Anyway, there are also drones that can map the wave surface from different angles and stitch into a fairly precise 3D model of the waves over time. Then a simple 3D calculation from every element of water Newtonian acceleration at detector locations, and you have a nice complex, NOT GAMEABLE, signal that you can use for testing and to improve designs.
Robert Forward wrote about lab sources in the 1970s and maybe before. Joe Weber stressed to me how important his work was. I am going through those old models now, because even me with no resources or lab skills can make a sun moon gravimeter that can track moving masses. But I wish that Liang Cheng Tu and that group at Glascow would quit trying to commercialize a trivial MEMS gravimeter application, and go after the main goal – global, every day use of gravity signals for imaging, detection and characterization, communication.
Yes, I have also tracked field generation as well. But the gravitational field is so much more energy dense than electricity and magnetism. The gravitational acceleration field at the earth’s surface is equivalent to static or dynamic magnetic fields on the order of 380 Tesla. So you need lasers and pulse generators, massive amounts of real time data – to move everyday object and vehicles with fields. But I just want to get the earthquake early warning, gravitational tomography for the interior of the earths core and the suns interior and the moons interior – first. Communication is possible at low power levels. But that is a hard one and I am getting old and tired.

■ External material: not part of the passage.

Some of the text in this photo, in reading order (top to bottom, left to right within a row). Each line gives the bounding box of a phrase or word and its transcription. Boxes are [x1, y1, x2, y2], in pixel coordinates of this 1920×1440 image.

I apologize for this being so long. If you have any questions you can reach me here. I am also going to clean up my notes at GravityNotes.Org and post the software I used. You are sitting there trying to get nm/s2 and you have these huge sun moon variations to use. And now we can finally start tracking people, packages, cars, trucks, planes, ocean waves and currents, atmospheric waves and currents. I want to set up a regular array just for the planets. Any high school group can buy (if some people I won’t mention would get off their and sell some working gravimeters so people can get going) a small array of gravimeter, go through the sun moon calibration, argue endlessly about earth tides and atmospheric effects, join global networks and begin to understand gravitational engineering 101.

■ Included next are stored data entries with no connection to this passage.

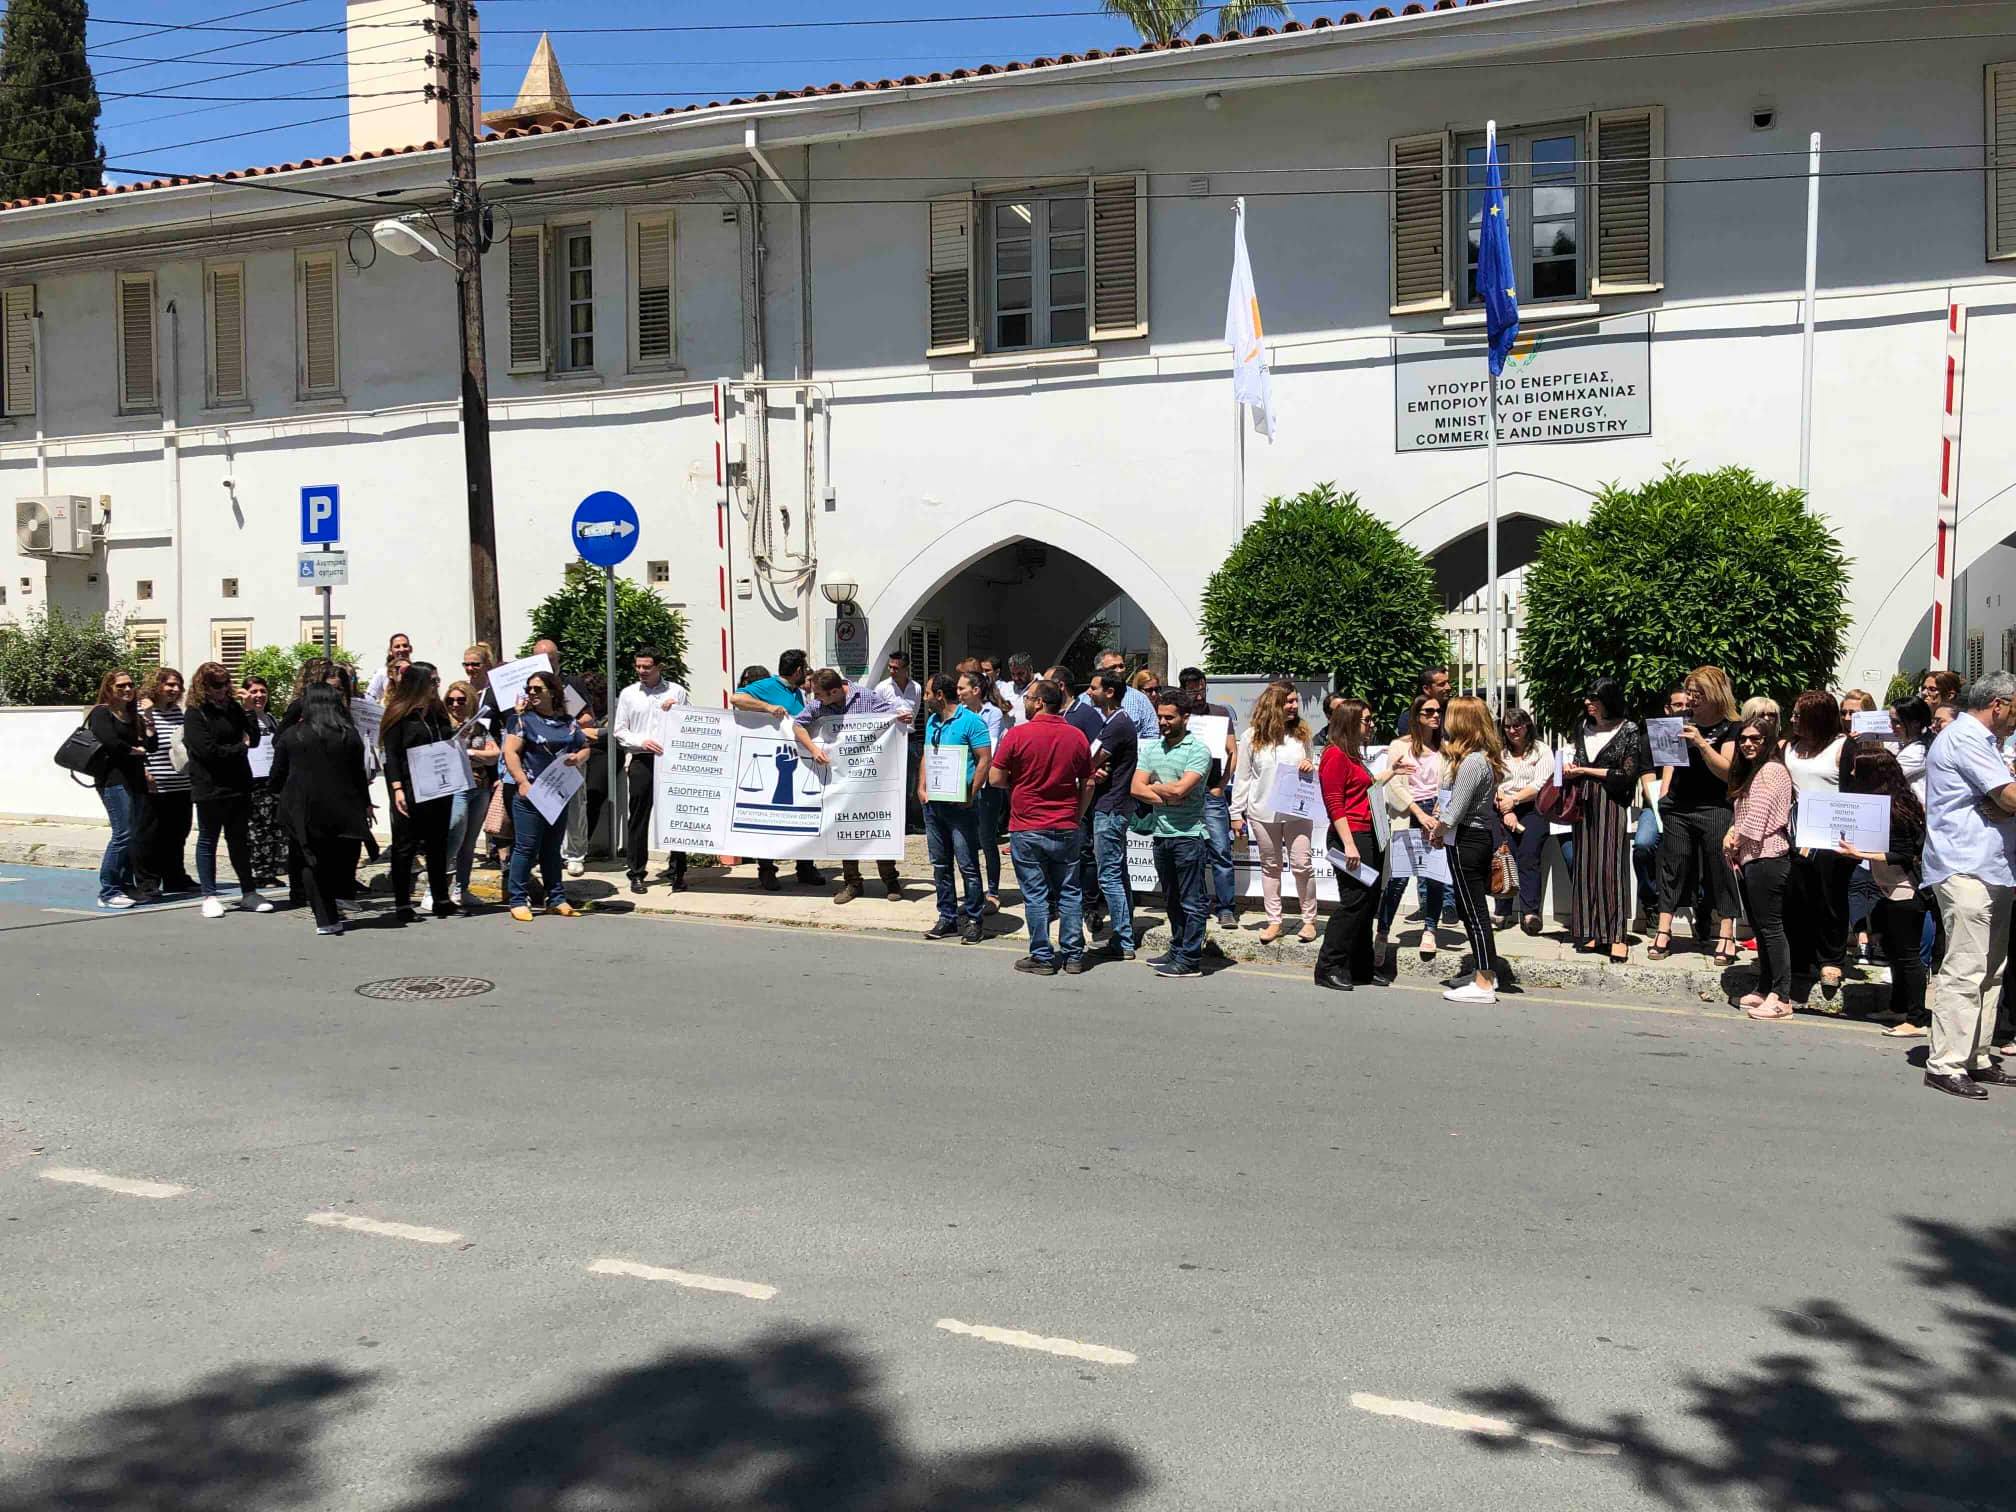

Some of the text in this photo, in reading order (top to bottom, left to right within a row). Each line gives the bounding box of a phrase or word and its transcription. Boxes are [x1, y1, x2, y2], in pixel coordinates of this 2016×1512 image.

[1427, 371, 1614, 396] ΥΠΟΥΡΓΙΟ ΕΝΕΡΓΕΙΑΣ,
[1408, 385, 1637, 413] ΕΜΠΟΡΙΟΥ ΚΑΙ ΒΙΟΜΗΧΑΝΙΑΣ
[1434, 405, 1607, 429] MINISTY OF ENERGY,
[1509, 426, 1542, 440] AND
[1547, 419, 1628, 436] INDUSTRY
[309, 495, 332, 534] P
[684, 714, 720, 724] ΑΡΣΗ ΤΩΝ
[832, 721, 890, 732] ΣΥΜΜΟΡΦΩΣΗ
[859, 733, 877, 743] ΤΗΝ
[701, 743, 722, 751] ΟΡΩΝ
[679, 752, 719, 762] ΣΥΝΘΗΚΩΝ
[668, 786, 721, 798] ΑΞΙΟΠΡΕΠΕΙΑ
[676, 804, 709, 814] ΙΣΟΤΗΤΑ
[835, 810, 892, 821] ΙΣΗ ΑΜΟΙΒΗ
[670, 820, 712, 831] ΕΡΓΑΣΙΑΚΑ
[837, 829, 892, 839] ΙΣΗ ΕΡΓΑΣΙΑ
[664, 836, 714, 848] ΔΙΚΑΙΩΜΑΤΑ
[1127, 839, 1154, 848] ΟΤΗΤΑ
[1311, 848, 1323, 856] ΣΗ
[1128, 856, 1153, 865] ΑΣΙΑΚ

Some of my current questions and goals:
Ground truth the GRACE data – particularly ocean currents and wave heights. Ground truth ocean wave height from other sensors — LOTS of them.Ground truth the local climate and meteological models and sensors. Correlate with the regional weather radar and with GPS signal and lidar profiles of the atmosphere used for meteorology. Check for overlaps with global magnetometer arrays. Check for overlaps for global seismometer arrays. Upgrade seismometers as gravimeters for early warning. Check for solar mass ejections, model the granule mass and project their signal. Look inside the sun. Look inside “black holes”. The gravitational potential is NOT a singularity. See if the signal goes directly through the whole earth or it it is attenuated or refracted. Give DARPA a cave imaging tool. Give World Magnetic Model local orientation signals that are not sensitive to magnetic variations or where that can be calibrated and treated as a separate data stream. Combine the earth geopotential and earth magnetic potential models and look for overlaps and false classification of phenomena. Exactly how are the gravitational potential and the magnetic field related at picometer level? ( I think they are just different size fluctuations of the same stuff) Push into the THz (Tera samples per second and higher) region. Do full quantum modelling of objects of different compositions (molecular) and see if it is really necessary to keep gravity and electromagnetism separate.